These software issues only started about 3 weeks ago or so. Before that I had no issues with my HR21. These issues are being worked on and before long they will be resolved. Just be patient. This is not a reason to jump to E* for there DVR's. I have had theirs (722) and they can occasionally have bugs as well.


----------



## greynolds (Aug 19, 2006)

My HR21 Pro (software version 0x0206) has locked up twice so far today for a total of 5 lockups now in the 2 weeks it's been in use. I wasn't going to be home for the start of the Bruins game, so it set it up to record. I started watching it about 15 minutes after the game had started. While skipping ahead to catch up to the actual start of the game, the DVR locked up. I rebooted it with the red button next to the access card. I finished the 1st period on my HR10-250 Tivo (which I had also setup to record the game as my confidence in the HR21 Pro isn't very high at this point). Then after finishing the 1st period, we skipped over the intermission and switched back to the HR21 Pro so we could watch the rest of the game in HD. At the end of the game, I went in to delete the 2 partial recordings of the game. While navigating the menus, it locked up AGAIN.

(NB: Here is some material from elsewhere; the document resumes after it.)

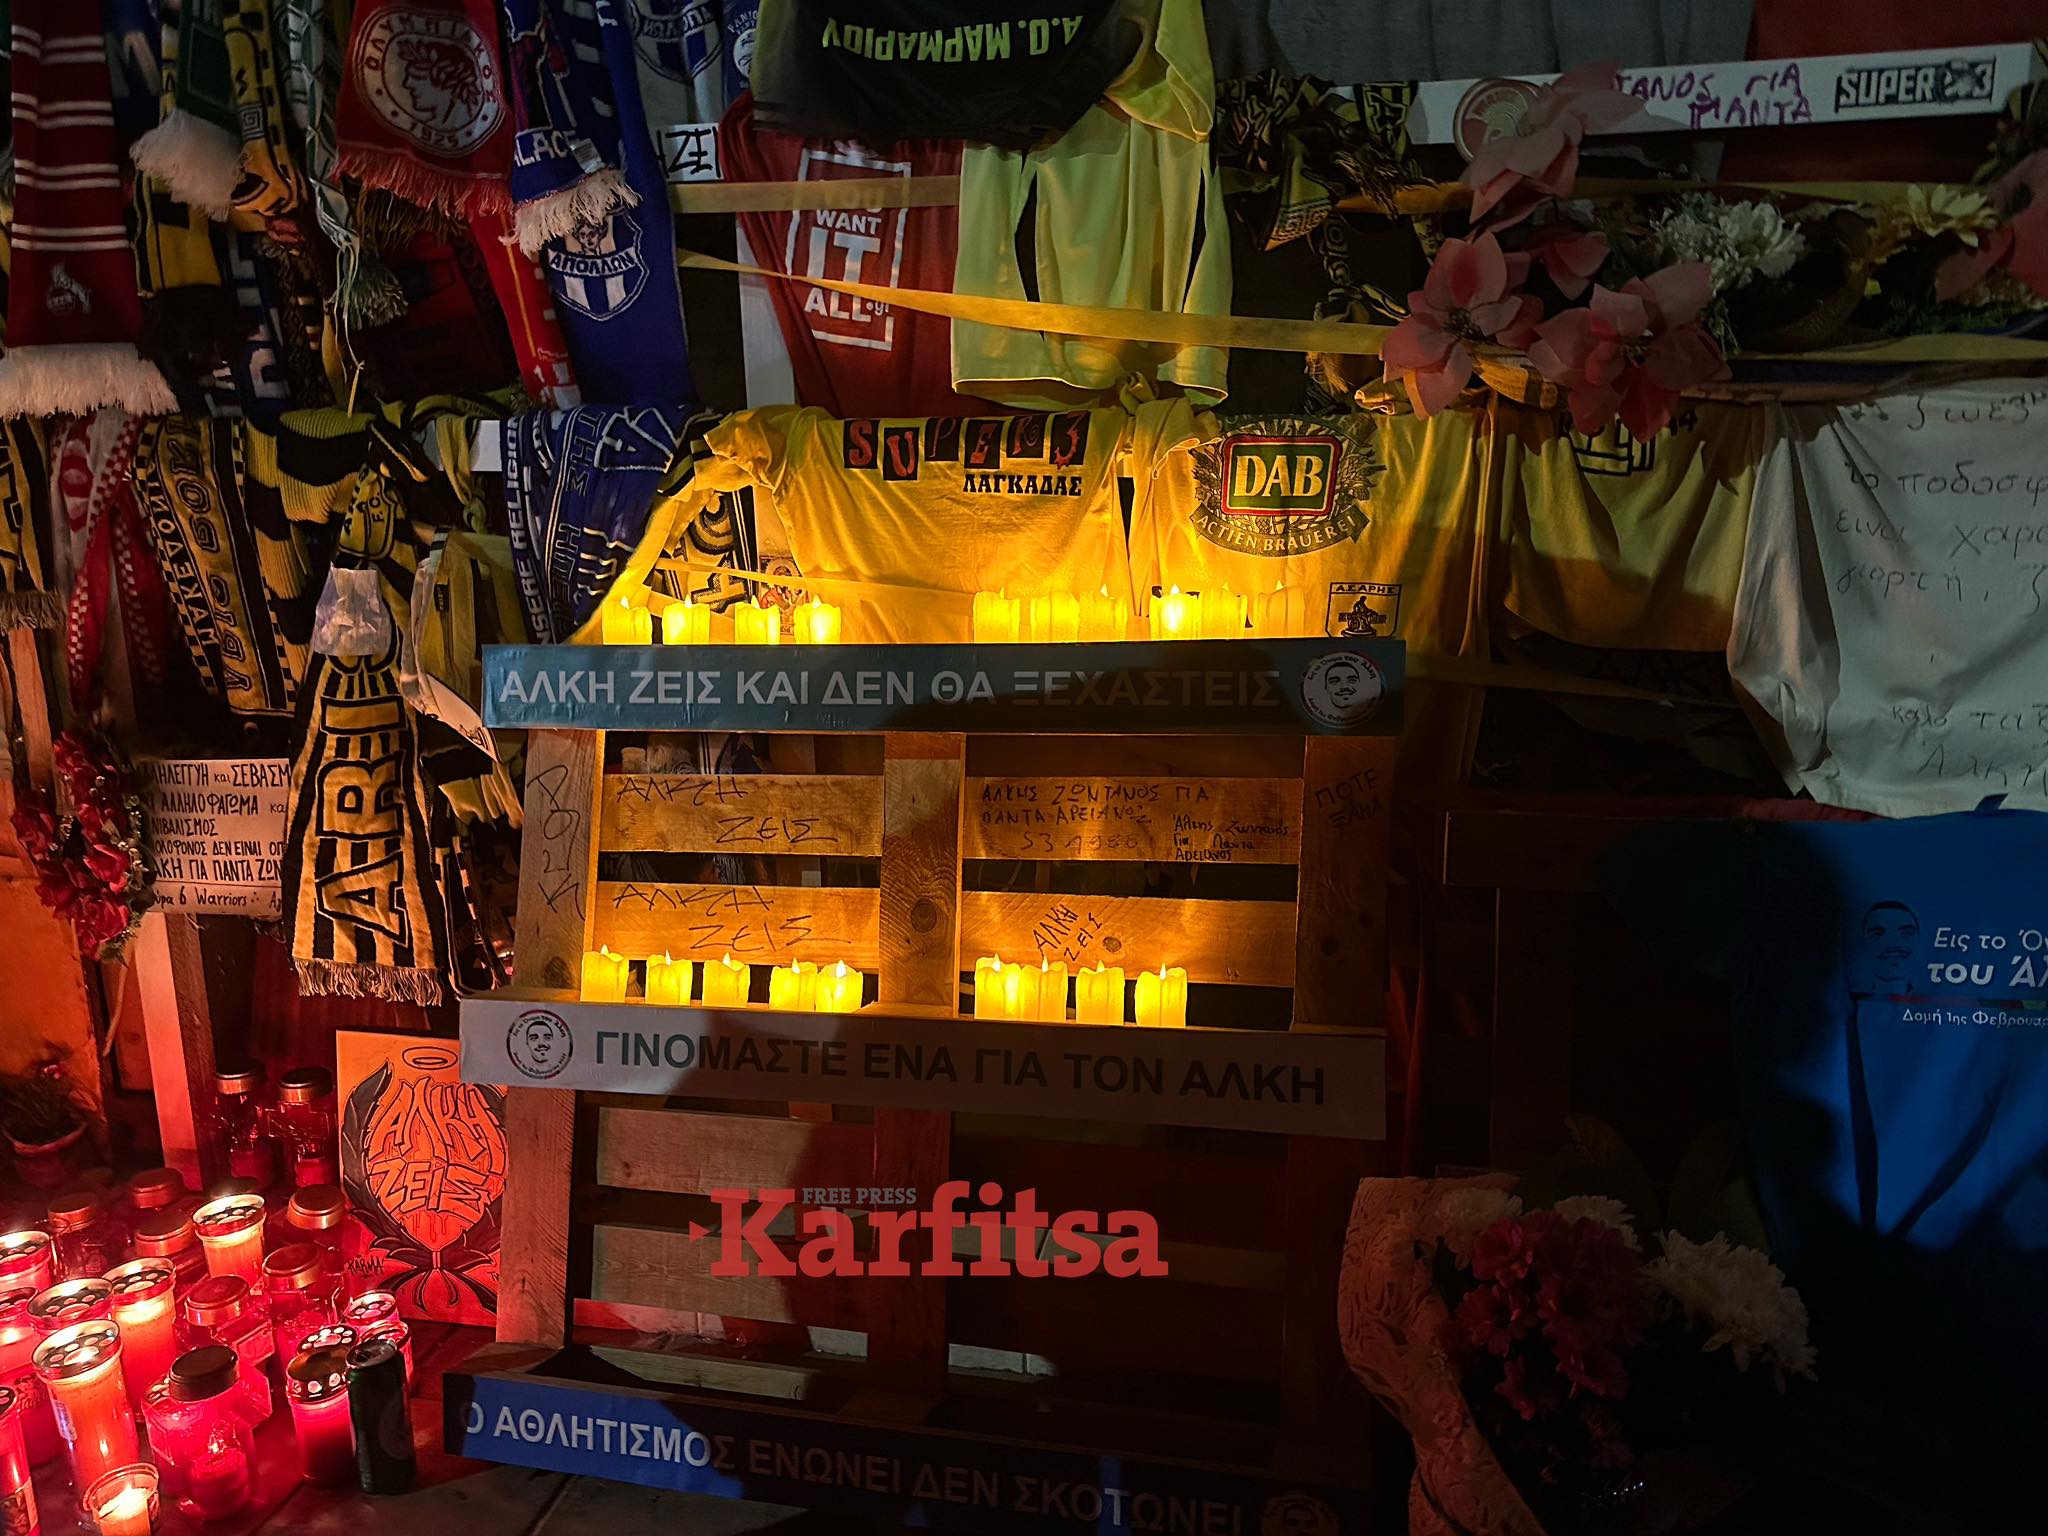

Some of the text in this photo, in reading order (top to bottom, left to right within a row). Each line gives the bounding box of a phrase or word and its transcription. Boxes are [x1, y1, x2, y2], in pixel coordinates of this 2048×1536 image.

Since this is my first experience with these new DVR's it's tough to judge whether the problem is software or hardware, though it would appear that other HR21/HR20 users are experiencing similar problems - the HR21-700: 0x0206 thread appears to have people reporting similar issues. Given the problems I'm having, the HR21 Pro recall certainly has me wondering if I've got a unit that really ought to be replaced.

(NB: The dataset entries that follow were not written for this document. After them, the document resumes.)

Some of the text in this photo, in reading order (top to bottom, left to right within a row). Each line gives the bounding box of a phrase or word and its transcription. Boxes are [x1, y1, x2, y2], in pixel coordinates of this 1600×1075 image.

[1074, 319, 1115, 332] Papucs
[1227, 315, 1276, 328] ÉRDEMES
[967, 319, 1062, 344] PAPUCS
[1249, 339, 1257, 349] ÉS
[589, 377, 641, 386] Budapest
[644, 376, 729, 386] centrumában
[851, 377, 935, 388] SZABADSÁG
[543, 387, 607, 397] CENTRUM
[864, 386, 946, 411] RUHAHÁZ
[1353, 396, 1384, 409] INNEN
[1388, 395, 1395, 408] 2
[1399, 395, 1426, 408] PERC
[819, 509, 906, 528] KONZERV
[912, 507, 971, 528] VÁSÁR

I'm also still getting lots of audio dropouts on non-HD channels which do not happen on my HDVR2 and HR10-250 boxes, so it's clearly a problem isolated to the new DVR.

I sent a message to Value Electronics, where I bought this DVR, on Wednesday after my 3rd lockup and haven't received any sort of response yet.


----------



## tek428 (Mar 10, 2008)

I have an HR21-200 with the premier package. I can't really complain about much other than the 30 sec to 1 min. audio dropouts that seem to happen at random.

I noticed a couple of you commenting that you had AM21 units? Where did you get them? I desperately need to be able to use the DVR on some the ABC shows that I can't get due to my waivers getting shot down, and without the AM21 it is currently all but impossible. When Desperate Housewives come back on, the wife is going to be breathing down my neck!


----------



## Michael D'Angelo (Oct 21, 2006)

tek428 said:


> I have an HR21-200 with the premier package. I can't really complain about much other than the 30 sec to 1 min. audio dropouts that seem to happen at random.
> 
> I noticed a couple of you commenting that you had AM21 units? Where did you get them? I desperately need to be able to use the DVR on some the ABC shows that I can't get due to my waivers getting shot down, and without the AM21 it is currently all but impossible. When Desperate Housewives come back on, the wife is going to be breathing down my neck!


Welcome to DBSTalk

Some of use were picked by DIRECTV to be field tester for the AM21.


----------



## tek428 (Mar 10, 2008)

That's awesome! I guess it pays to be active in the community then. 

What's the release date on this thing?


----------



## Michael D'Angelo (Oct 21, 2006)

tek428 said:


> That's awesome! I guess it pays to be active in the community then.
> 
> What's the release date on this thing?


No set date yet. Hopefully soon.


----------



## audioaf (Mar 28, 2008)

I have a H21 -100 receiver replaced by DirecTv and this receiver do not have a connection for terrestial HD broadcasting. I called DIRECTV and they promised to send a receiver with the extra outdoor input. They did but they send me the sama H21-100 !!
Any idea what model should I request that has both dish and regular TV inputs and HDMI output???


----------



## Rexnet (Mar 20, 2008)

audioaf said:


> I have a H21 -100 receiver replaced by DirecTv and this receiver do not have a connection for terrestial HD broadcasting. I called DIRECTV and they promised to send a receiver with the extra outdoor input. They did but they send me the sama H21-100 !!
> Any idea what model should I request that has both dish and regular TV inputs and HDMI output???


 Audioaf,
I am not sure exactly what your referring to. Is it the off air antenna? If so DirecTV does not want these receivers out there any more. The last new model that had this capability is the HR20. The HR21s do not have this off air antenna feature. You probably don't want to buy one, but if you did they are available on Ebay. When you got the HR21 was it delivered and installed by a DirecTV service contractor? If so you usually can work with them to get what you want, as they carry a number of different receivers in their truck. Maybe a little tip would work.


----------



## HoTat2 (Nov 16, 2005)

tek428 said:


> That's awesome! I guess it pays to be active in the community then.
> 
> What's the release date on this thing?


No specific date set, but it was scheduled to have been released sometime after the end of this month in early April. Unfortunately DirecTV has bumped it ("again"  ) another month to sometime in early May. And even now due to pent up demand you had better get your pre-order in now with someone like SolidSignal or Value Electronics if you want it ASAP after first release.


----------



## tek428 (Mar 10, 2008)

I have began to notice a problem with this receiver and I can re-create it every time now.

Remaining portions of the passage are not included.